Climb the next field obliquely to a stile in the top corner.
Follow a fence along the contour to another stile.
Continue in the same direction, parallel to the fence on your left, to the far side of the field, where you will find a stile hidden in a dip.
The path beyond continues through rough grassland and scrub to a stile into more mature woodland. Swing left above some ponds, ignoring a stepped path on your right, to reach a blue-painted waymark post beside a crossing path.
(4) Take the path straight ahead, staying within the trees, and shortly ignore a path off to the left by another blue waymark.
At the next blue waymark, turn right as indicated by a public footpath roundel on a post. The path winds along the valley bottom, passing some overgrown ironwork spoil on the left, beyond which ignore a path joining from the left.
At a footbridge over a small stream, continue along the lower path, straight ahead.
(5) On reaching a track by a metal gate, turn left and pass between two large ponds (if the path is flooded, a diversion via the right-hand side of the second pond and the woods beyond is possible).
Continue to a horse stile and follow the hedged path uphill beyond, ignoring a crossing path partway up.
The path joins a driveway, passing between houses and to the right of an old blast furnace. When the drive swings right, turn left over a hidden stile and walk up the hill to a stile in the top left-hand corner of the field.

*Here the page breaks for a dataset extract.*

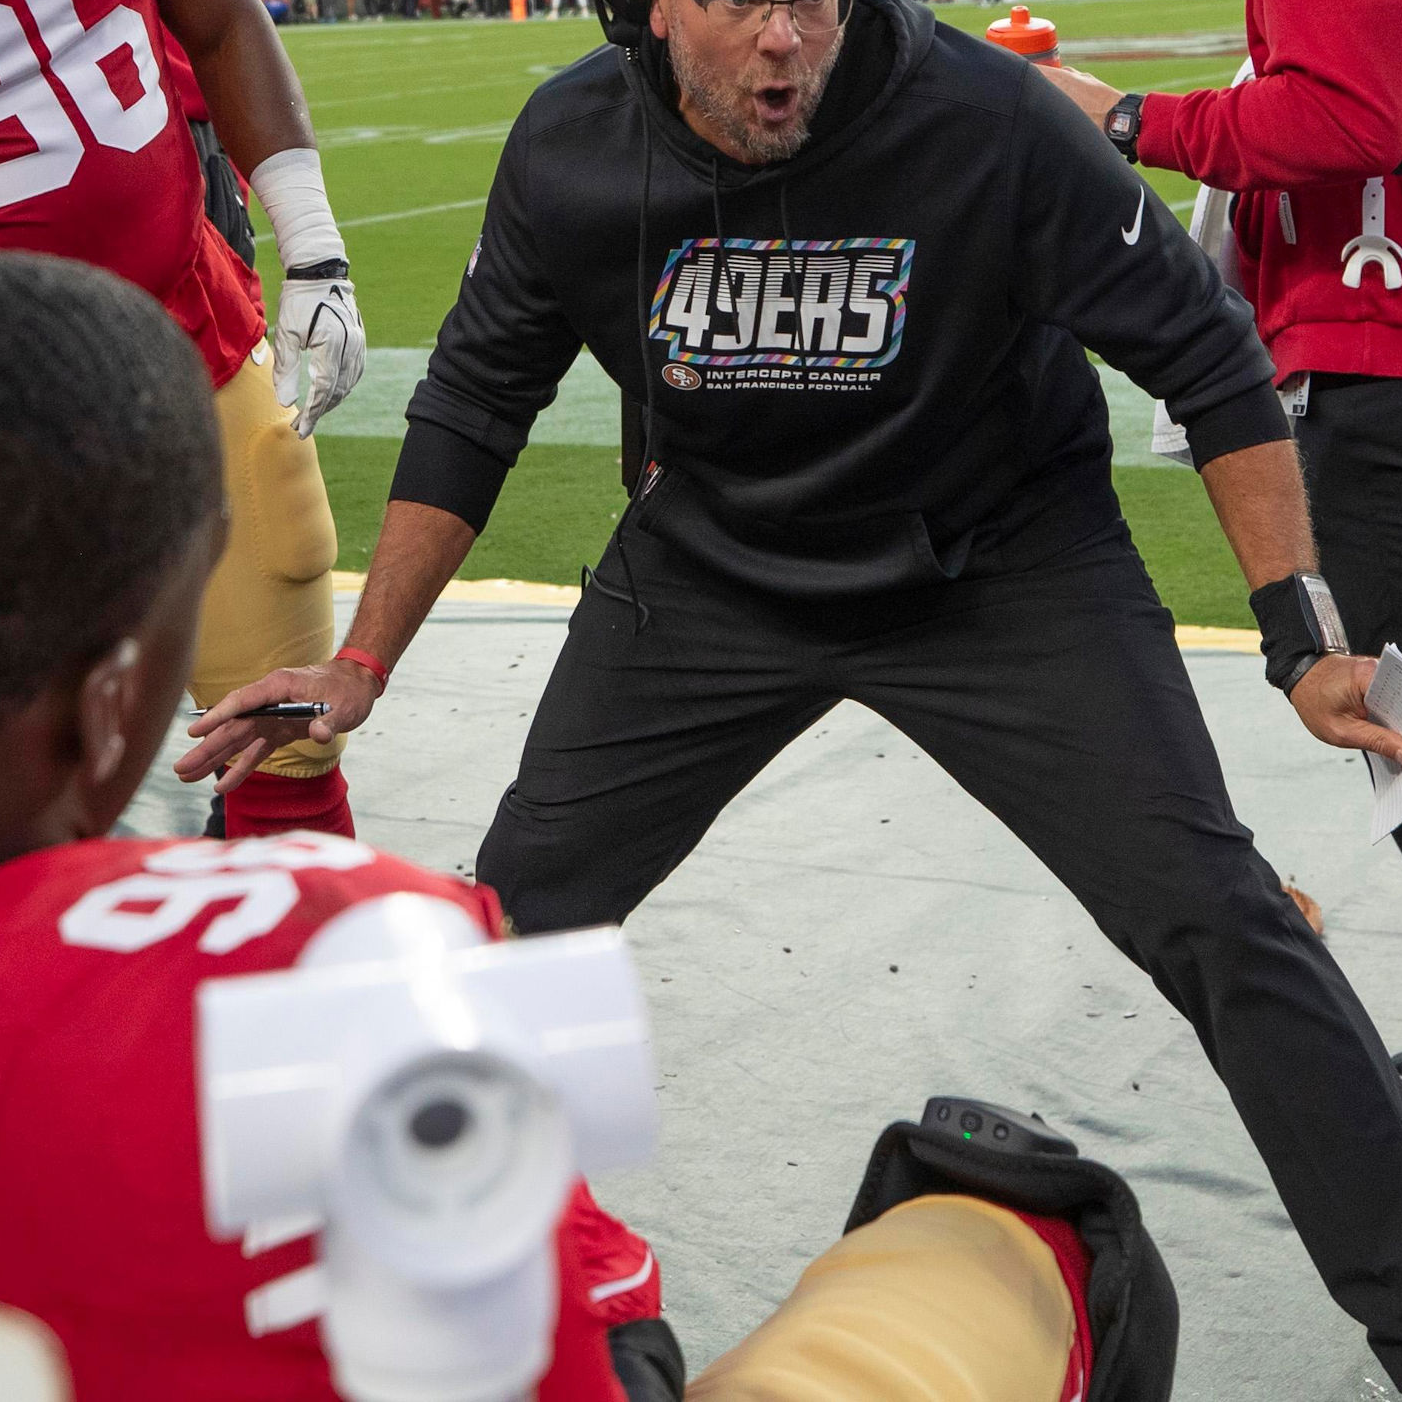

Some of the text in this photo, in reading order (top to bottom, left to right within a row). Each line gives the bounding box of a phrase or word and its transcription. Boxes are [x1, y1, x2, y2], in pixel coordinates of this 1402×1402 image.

[665, 253, 896, 353] 49ERS
[706, 369, 882, 382] INTERCEPT CANCER
[706, 382, 872, 391] SAN FRANCISCO FOOTBALL

Follow the field edge beyond to a gate behind some houses, where you turn left.
(6) Turn left through another gate and past some garages, behind which cross a stile on your left. Turn right to another stile and follow the fence beyond; partway across the field, at another stile, the path switches to the other side of the fence.

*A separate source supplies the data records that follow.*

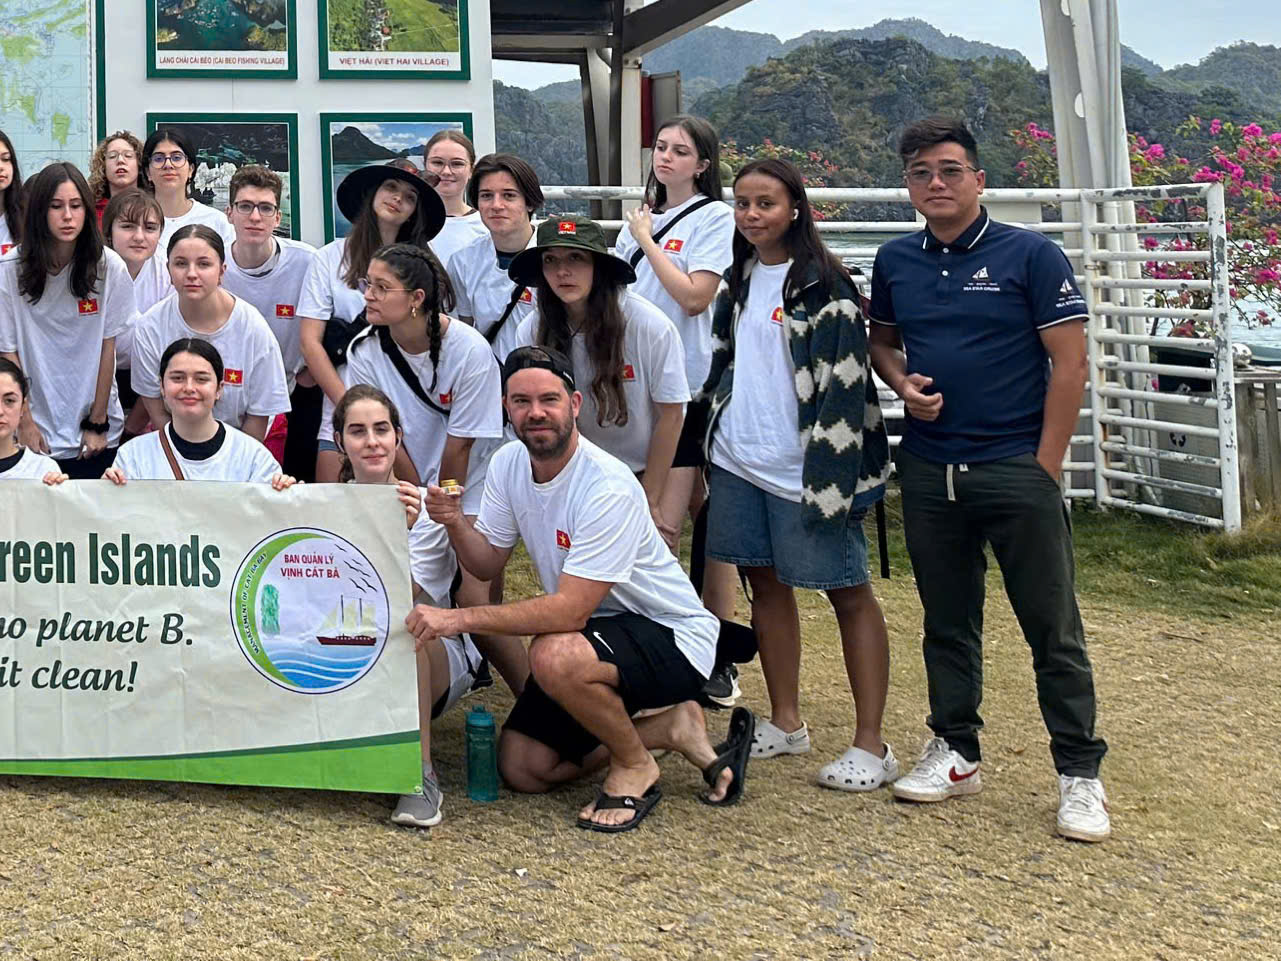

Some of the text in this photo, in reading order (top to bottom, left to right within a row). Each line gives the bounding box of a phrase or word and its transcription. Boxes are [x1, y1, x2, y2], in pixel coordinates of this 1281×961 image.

[260, 58, 285, 66] VILLAGE)
[412, 58, 450, 66] VILLAGE)
[89, 532, 221, 588] Islands
[284, 554, 300, 563] BAN
[281, 567, 303, 580] VỊNH
[305, 566, 324, 578] CÁT
[36, 611, 150, 647] planet
[160, 613, 193, 646] B.
[31, 659, 138, 692] clean!
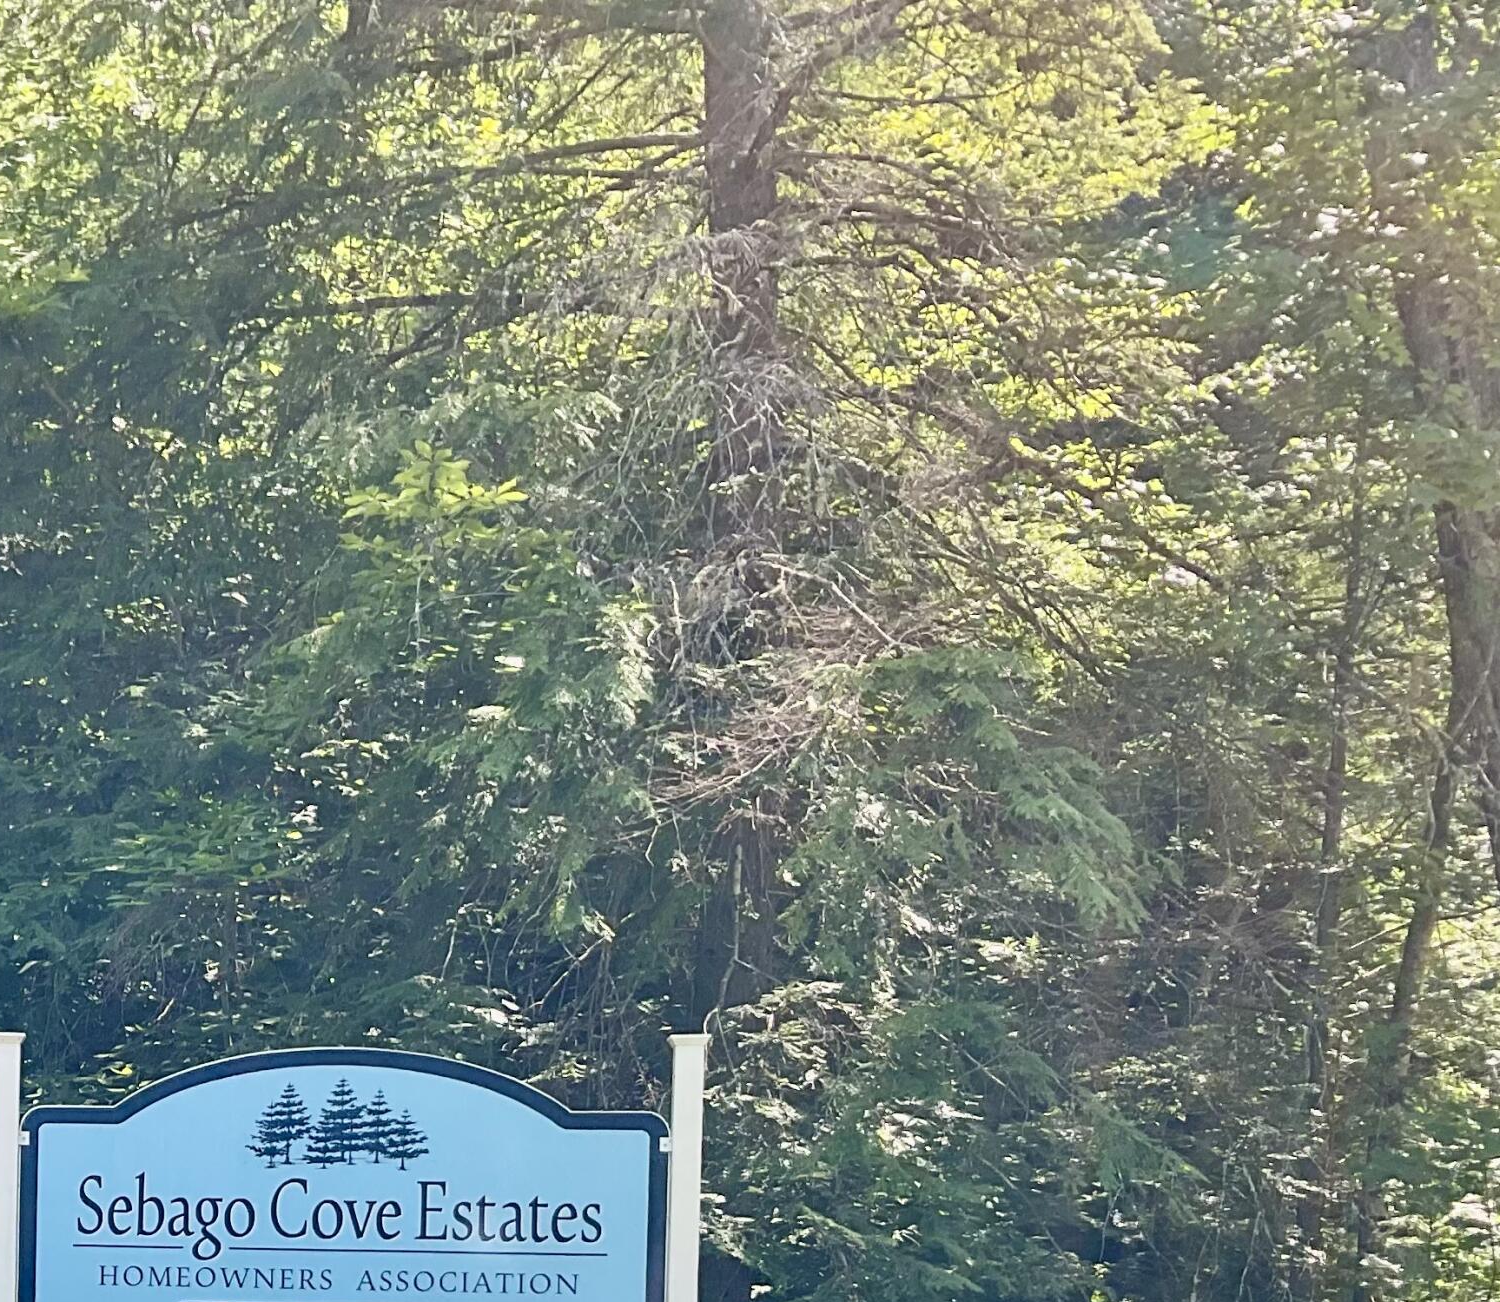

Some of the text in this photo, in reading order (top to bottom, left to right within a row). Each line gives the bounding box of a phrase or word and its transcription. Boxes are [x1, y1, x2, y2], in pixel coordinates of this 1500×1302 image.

[76, 1172, 603, 1260] Sebago Cove Estates
[98, 1264, 581, 1297] HOMEOWNERS ASSOCIATION

Continue until the path drops to a stile and footbridge in a small wooded valley. Once out of the dip, follow the hedge on your right, then a fence, then when this bends right cross the field ahead of you to a wooded corner close to the road.
(7) Cross a stile and turn right to the road (B5500). Turn right along the pavement then cross to a stile on the opposite side. The path beyond leads past a covered reservoir to the Wedgwood Monument.

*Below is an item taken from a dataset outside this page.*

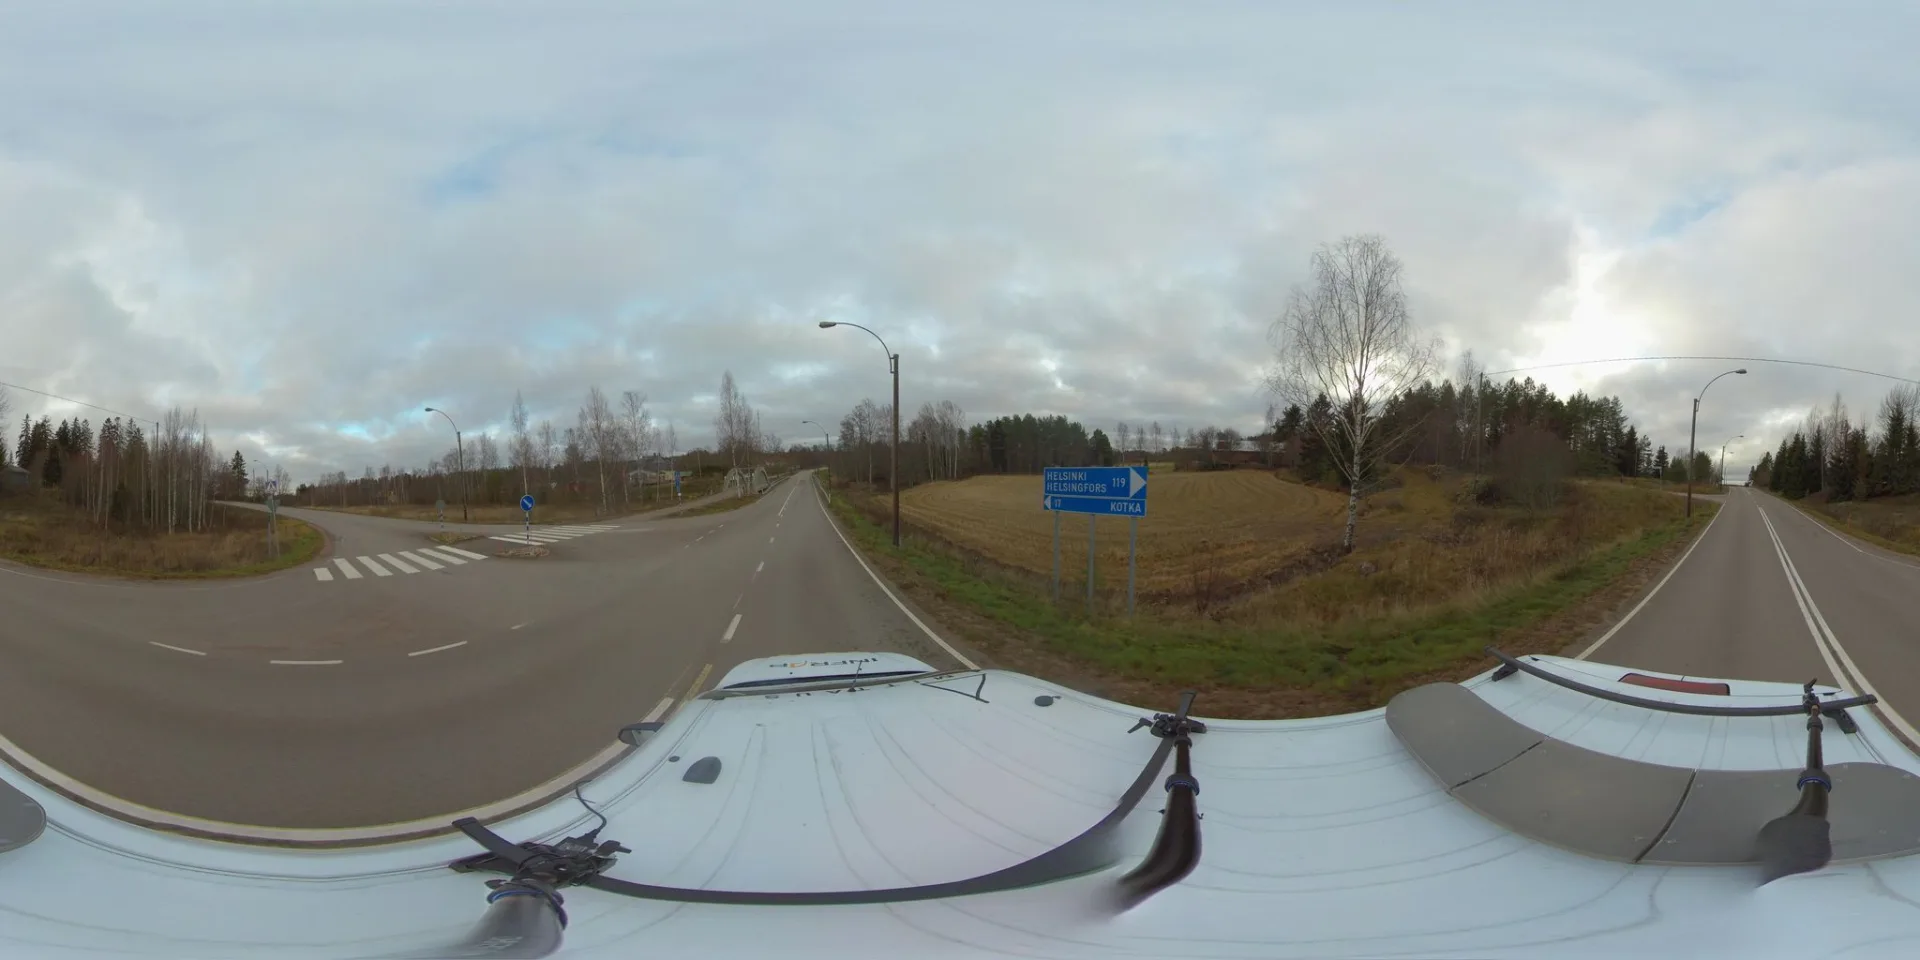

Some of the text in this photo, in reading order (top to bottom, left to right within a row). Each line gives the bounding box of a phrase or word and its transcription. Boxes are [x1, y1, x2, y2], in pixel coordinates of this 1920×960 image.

[1046, 471, 1087, 481] HELSINKI
[1046, 482, 1107, 493] HELSINGFORS
[1112, 477, 1126, 488] 119
[1110, 501, 1142, 513] KOTKA

From the monument, bear right down the hillside, steeply at first, towards the A500, keeping a wooded pond well to your left.
Towards the bottom of the hill, the path turns left to cross a stile beyond a belt of trees and continues to a gate and stile. Follow the track beyond, which runs parallel to the A500.
(8) Cross a disused railway bridge and continue along the track to a metal barrier. Not long afterwards you meet a road, where you turn left, along the pavement and away from the A500 bridge.
Shortly after the pavement ends, cross to a stile on the right-hand side of the road. Walk up the slope to a gate and stile and follow the farm track beyond. The track continues through further gates until you reach Great Oak Farm, beyond which is a road.
(9) Cross the road and negotiate a stile next to the gate opposite. Swing left and walk down the left-hand side of the field. Continue along the left-hand side of the next field to a footbridge. Cross the stream and a stile and bear left into a recreation area.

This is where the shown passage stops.